My properties don’t have such uniform names so it’s easy for me to miss one. It’s also easy to forget to update it if I add a new property to the struct.

Swift Reflection

We can get access to the stored properties of a Swift type like my Record struct by using the Mirror API:

let record = Record(name1: "aaa", name2: "bbb",
  name3: "ccc", name4: "ddd", name5: "eee")
let mirror = Mirror(reflecting: record)

The children property of the mirror gives us access to the structure of the reflected instance. We can use that to iterate over the label and value of each property:

for child in mirror.children {
  let label = child.label ?? "-"
  print("\(label) \(child.value)")
}

locked false
name1 aaa
name2 bbb
name3 ccc
name4 ddd
name5 eee
updated_at 2023-04-24 14:54:57 +0000

Note that the label is optional as it’s not guaranteed to be available at runtime.

We can use this Mirror API to rewrite my isValid check:

extension Record {
  var isValid: Bool {
    let mirror = Mirror(reflecting: self)
    return mirror.children.compactMap {
      $0.value as? String
    }
    .allSatisfy { !$0.isBlank }
  }
}

The compactMap tries to cast each value to a string, discarding any failures. I can then test the array of strings are all non-blank. This version removes the risk of me missing a property and doesn’t need updating if I add or remove properties in the future.

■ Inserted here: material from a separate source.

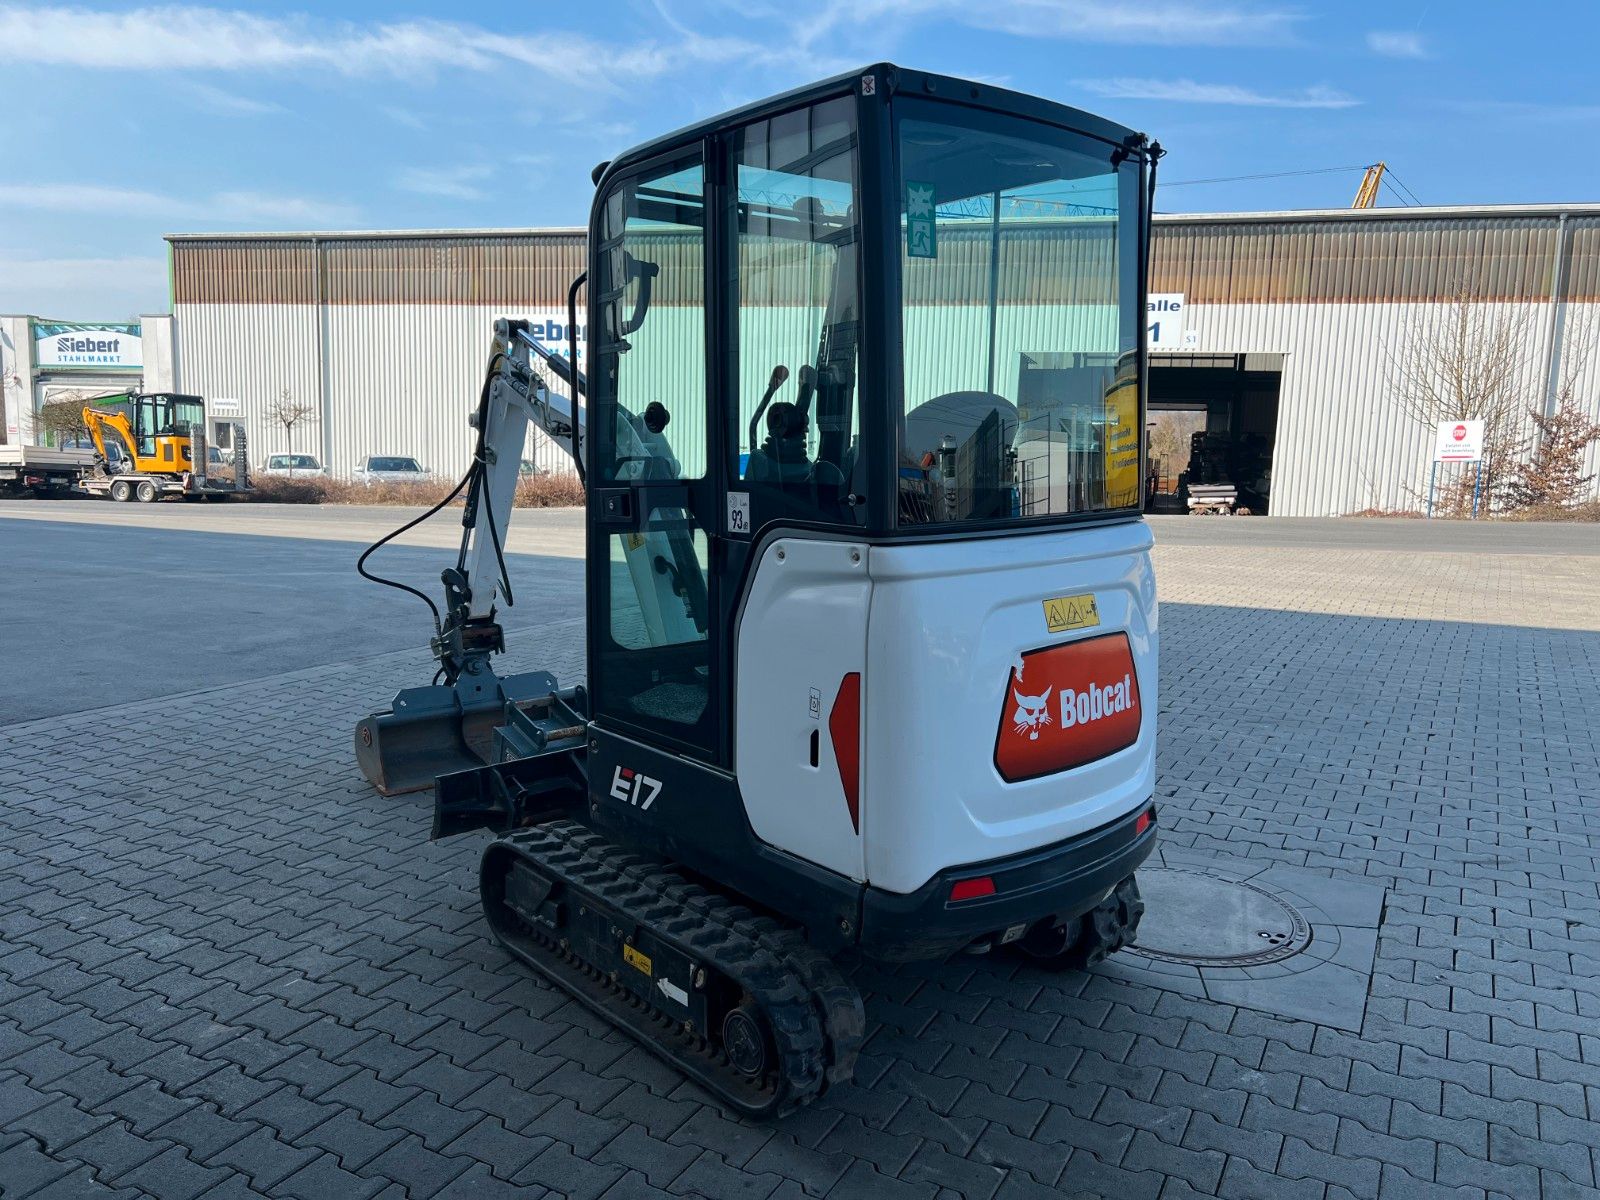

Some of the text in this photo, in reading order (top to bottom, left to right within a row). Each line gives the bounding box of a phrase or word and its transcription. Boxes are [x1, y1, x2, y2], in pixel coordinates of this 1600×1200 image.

let record = Record(name1: "aaa", name2: "  ",
  name3: "ccc", name4: "ddd", name5: "eee")
record.isValid  // false

Unit Testing

I’m a little wary of using the Mirror API for production code but it does have uses for unit testing. I have another method on my record structure that normalizes each of the string properties by trimming any leading or trailing whitespace.

The Mirror API saves us some error-prone typing when asserting that we correctly trimmed each string property (my struct has many more properties than this example):

func testNormalizeStrings() {
  let record = Record(name1: " xyz", name2: "xyz ",
    name3: " xyz ", name4: "  xyz", name5: "xyz  ")
  let normal = record.normalize()
  
  let mirror = Mirror(reflecting: normal)
  mirror.children.forEach { child in
    if let value = child.value as? String {
      XCTAssertEqual(value, "xyz")
    }
  }
}

What do you think? Have you found any other practical uses for the Mirror API?